Foto: Ana Paula Gomes
Ben-Hur Ferraz Neto: “a gente tem tido um aumento importante na doação de órgãos no Brasil, especialmente no estado de São Paulo”
Em outubro de 2009, o Ministério da Saúde anunciou a criação de um sistema informatizado, permitindo maior transparência na lista de espera. Neste banco de dados, os prontuários estarão sempre atualizados e os pacientes poderão consultar sua posição na lista.
A maior parte dos pacientes que aguardava por um órgão em 2009 esperava por um rim (34.640). A busca por córneas vem em segundo lugar, com 23.756 candidatos, seguida por fígado (4.304), rim e pâncreas conjugados (576), coração (305), pulmão (161) e pâncreas (124).

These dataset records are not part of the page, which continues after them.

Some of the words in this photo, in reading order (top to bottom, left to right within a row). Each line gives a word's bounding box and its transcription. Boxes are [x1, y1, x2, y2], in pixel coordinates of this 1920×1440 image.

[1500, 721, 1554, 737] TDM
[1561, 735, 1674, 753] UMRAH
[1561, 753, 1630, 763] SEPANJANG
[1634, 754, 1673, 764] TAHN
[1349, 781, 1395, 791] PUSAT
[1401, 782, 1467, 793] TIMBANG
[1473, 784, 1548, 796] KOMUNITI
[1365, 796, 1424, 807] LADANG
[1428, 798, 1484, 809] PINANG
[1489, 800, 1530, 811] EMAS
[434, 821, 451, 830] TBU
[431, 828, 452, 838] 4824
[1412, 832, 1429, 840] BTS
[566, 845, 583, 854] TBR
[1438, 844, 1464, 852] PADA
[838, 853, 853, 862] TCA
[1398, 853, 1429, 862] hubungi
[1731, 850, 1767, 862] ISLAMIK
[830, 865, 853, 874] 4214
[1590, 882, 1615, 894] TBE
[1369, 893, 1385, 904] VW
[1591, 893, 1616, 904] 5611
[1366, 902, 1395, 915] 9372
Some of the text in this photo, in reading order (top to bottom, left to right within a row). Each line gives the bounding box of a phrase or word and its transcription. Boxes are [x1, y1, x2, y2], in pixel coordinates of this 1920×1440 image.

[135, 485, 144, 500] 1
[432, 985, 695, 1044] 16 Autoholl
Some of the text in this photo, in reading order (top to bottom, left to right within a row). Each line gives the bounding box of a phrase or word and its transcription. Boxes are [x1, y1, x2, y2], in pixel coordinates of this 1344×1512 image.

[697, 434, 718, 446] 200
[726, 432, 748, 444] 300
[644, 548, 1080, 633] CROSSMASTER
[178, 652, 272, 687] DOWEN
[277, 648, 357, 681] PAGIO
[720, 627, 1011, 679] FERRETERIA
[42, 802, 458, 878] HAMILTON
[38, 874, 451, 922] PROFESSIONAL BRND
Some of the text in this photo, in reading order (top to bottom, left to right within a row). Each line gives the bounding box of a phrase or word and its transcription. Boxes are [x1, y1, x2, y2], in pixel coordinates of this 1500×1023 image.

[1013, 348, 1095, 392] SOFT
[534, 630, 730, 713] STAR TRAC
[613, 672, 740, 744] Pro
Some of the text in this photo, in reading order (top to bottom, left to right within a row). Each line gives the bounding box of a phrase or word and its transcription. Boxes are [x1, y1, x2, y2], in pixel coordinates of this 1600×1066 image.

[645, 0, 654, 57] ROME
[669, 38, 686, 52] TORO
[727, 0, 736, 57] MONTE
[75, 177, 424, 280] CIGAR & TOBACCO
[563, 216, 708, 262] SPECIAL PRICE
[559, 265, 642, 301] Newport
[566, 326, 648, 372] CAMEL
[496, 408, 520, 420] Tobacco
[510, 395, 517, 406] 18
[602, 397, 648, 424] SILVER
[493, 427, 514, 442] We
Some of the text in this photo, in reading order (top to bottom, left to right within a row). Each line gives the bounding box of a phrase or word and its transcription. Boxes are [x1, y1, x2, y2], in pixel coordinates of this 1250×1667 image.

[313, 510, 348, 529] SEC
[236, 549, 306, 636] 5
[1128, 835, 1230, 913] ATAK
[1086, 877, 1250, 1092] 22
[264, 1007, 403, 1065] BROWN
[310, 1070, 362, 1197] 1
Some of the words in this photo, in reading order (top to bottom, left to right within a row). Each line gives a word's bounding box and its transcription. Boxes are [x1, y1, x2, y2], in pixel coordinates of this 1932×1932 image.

Em um momento durante a entrevista na casa de Sebastiana, ela se levantou e foi buscar o último cartão de natal que recebeu do marido. Nele, dizia o seguinte: “Sempre que dividimos, ganhamos; Sempre que trocamos, ganhamos; Sempre que somamos, ganhamos; Neste natal, desejo dividir, trocar, somar com vocês minhas alegrias, meus sonhos, minha fé e meu amor. Só assim diminuirão a saudade e a solidão”.
Dividir, trocar e somar, ações realizadas por quem doa seus órgãos. Talvez se mais pessoas doassem muitos “Joãos“ seriam salvos. Não esqueça, para ser um doador basta avisar à sua família do seu desejo e lembre-se que alguns órgãos podem ser doados em vida.